Work instructions ::
A word-for-word repetition of the records beneath this task is the expected answer.

Stored records ::
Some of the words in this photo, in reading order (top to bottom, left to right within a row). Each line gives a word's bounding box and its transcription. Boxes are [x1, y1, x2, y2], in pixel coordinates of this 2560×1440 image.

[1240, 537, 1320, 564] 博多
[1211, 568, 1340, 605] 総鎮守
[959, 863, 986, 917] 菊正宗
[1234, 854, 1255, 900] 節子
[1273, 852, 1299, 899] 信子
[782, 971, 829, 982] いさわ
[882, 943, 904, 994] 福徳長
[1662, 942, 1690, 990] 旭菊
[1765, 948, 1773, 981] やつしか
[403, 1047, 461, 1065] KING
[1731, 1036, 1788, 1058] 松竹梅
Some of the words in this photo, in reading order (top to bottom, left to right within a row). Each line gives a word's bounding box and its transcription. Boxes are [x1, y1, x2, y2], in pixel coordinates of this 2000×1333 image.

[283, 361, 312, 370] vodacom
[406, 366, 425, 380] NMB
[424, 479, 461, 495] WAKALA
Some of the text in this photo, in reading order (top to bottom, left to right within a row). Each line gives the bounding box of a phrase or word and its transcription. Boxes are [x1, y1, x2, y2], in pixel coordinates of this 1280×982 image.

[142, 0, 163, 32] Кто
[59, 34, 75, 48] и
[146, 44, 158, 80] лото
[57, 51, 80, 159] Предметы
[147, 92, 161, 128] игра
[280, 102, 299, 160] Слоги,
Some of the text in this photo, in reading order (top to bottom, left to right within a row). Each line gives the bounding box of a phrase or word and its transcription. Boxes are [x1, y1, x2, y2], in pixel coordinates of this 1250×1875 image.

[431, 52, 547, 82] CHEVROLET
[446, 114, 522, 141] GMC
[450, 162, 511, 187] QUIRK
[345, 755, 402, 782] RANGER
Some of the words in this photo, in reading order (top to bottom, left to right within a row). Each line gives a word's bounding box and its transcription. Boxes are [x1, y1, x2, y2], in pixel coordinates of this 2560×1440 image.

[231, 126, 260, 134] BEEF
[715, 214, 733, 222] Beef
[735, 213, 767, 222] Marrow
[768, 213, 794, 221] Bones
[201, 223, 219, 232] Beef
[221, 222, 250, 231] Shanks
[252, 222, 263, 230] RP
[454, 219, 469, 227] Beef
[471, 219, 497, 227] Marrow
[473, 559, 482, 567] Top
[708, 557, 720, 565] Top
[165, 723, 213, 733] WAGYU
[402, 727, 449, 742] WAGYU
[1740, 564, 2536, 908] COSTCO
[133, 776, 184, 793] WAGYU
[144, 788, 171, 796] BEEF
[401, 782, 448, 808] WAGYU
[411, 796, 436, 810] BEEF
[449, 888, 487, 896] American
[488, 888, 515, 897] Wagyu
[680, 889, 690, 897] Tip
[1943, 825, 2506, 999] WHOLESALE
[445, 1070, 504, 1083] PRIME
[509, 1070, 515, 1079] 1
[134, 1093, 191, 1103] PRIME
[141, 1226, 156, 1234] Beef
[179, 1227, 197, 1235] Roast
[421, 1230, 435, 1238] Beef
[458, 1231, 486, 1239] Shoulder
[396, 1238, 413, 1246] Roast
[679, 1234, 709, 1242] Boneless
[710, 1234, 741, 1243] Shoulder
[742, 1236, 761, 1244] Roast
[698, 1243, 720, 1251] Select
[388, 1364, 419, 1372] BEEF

Written solution ::
Some of the words in this photo, in reading order (top to bottom, left to right within a row). Each line gives a word's bounding box and its transcription. Boxes are [x1, y1, x2, y2], in pixel coordinates of this 2560×1440 image.

[1240, 537, 1320, 564] 博多
[1211, 568, 1340, 605] 総鎮守
[959, 863, 986, 917] 菊正宗
[1234, 854, 1255, 900] 節子
[1273, 852, 1299, 899] 信子
[782, 971, 829, 982] いさわ
[882, 943, 904, 994] 福徳長
[1662, 942, 1690, 990] 旭菊
[1765, 948, 1773, 981] やつしか
[403, 1047, 461, 1065] KING
[1731, 1036, 1788, 1058] 松竹梅
Some of the words in this photo, in reading order (top to bottom, left to right within a row). Each line gives a word's bounding box and its transcription. Boxes are [x1, y1, x2, y2], in pixel coordinates of this 2000×1333 image.

[283, 361, 312, 370] vodacom
[406, 366, 425, 380] NMB
[424, 479, 461, 495] WAKALA
Some of the text in this photo, in reading order (top to bottom, left to right within a row). Each line gives the bounding box of a phrase or word and its transcription. Boxes are [x1, y1, x2, y2], in pixel coordinates of this 1280×982 image.

[142, 0, 163, 32] Кто
[59, 34, 75, 48] и
[146, 44, 158, 80] лото
[57, 51, 80, 159] Предметы
[147, 92, 161, 128] игра
[280, 102, 299, 160] Слоги,
Some of the text in this photo, in reading order (top to bottom, left to right within a row). Each line gives the bounding box of a phrase or word and its transcription. Boxes are [x1, y1, x2, y2], in pixel coordinates of this 1250×1875 image.

[431, 52, 547, 82] CHEVROLET
[446, 114, 522, 141] GMC
[450, 162, 511, 187] QUIRK
[345, 755, 402, 782] RANGER
Some of the words in this photo, in reading order (top to bottom, left to right within a row). Each line gives a word's bounding box and its transcription. Boxes are [x1, y1, x2, y2], in pixel coordinates of this 2560×1440 image.

[231, 126, 260, 134] BEEF
[715, 214, 733, 222] Beef
[735, 213, 767, 222] Marrow
[768, 213, 794, 221] Bones
[201, 223, 219, 232] Beef
[221, 222, 250, 231] Shanks
[252, 222, 263, 230] RP
[454, 219, 469, 227] Beef
[471, 219, 497, 227] Marrow
[473, 559, 482, 567] Top
[708, 557, 720, 565] Top
[165, 723, 213, 733] WAGYU
[402, 727, 449, 742] WAGYU
[1740, 564, 2536, 908] COSTCO
[133, 776, 184, 793] WAGYU
[144, 788, 171, 796] BEEF
[401, 782, 448, 808] WAGYU
[411, 796, 436, 810] BEEF
[449, 888, 487, 896] American
[488, 888, 515, 897] Wagyu
[680, 889, 690, 897] Tip
[1943, 825, 2506, 999] WHOLESALE
[445, 1070, 504, 1083] PRIME
[509, 1070, 515, 1079] 1
[134, 1093, 191, 1103] PRIME
[141, 1226, 156, 1234] Beef
[179, 1227, 197, 1235] Roast
[421, 1230, 435, 1238] Beef
[458, 1231, 486, 1239] Shoulder
[396, 1238, 413, 1246] Roast
[679, 1234, 709, 1242] Boneless
[710, 1234, 741, 1243] Shoulder
[742, 1236, 761, 1244] Roast
[698, 1243, 720, 1251] Select
[388, 1364, 419, 1372] BEEF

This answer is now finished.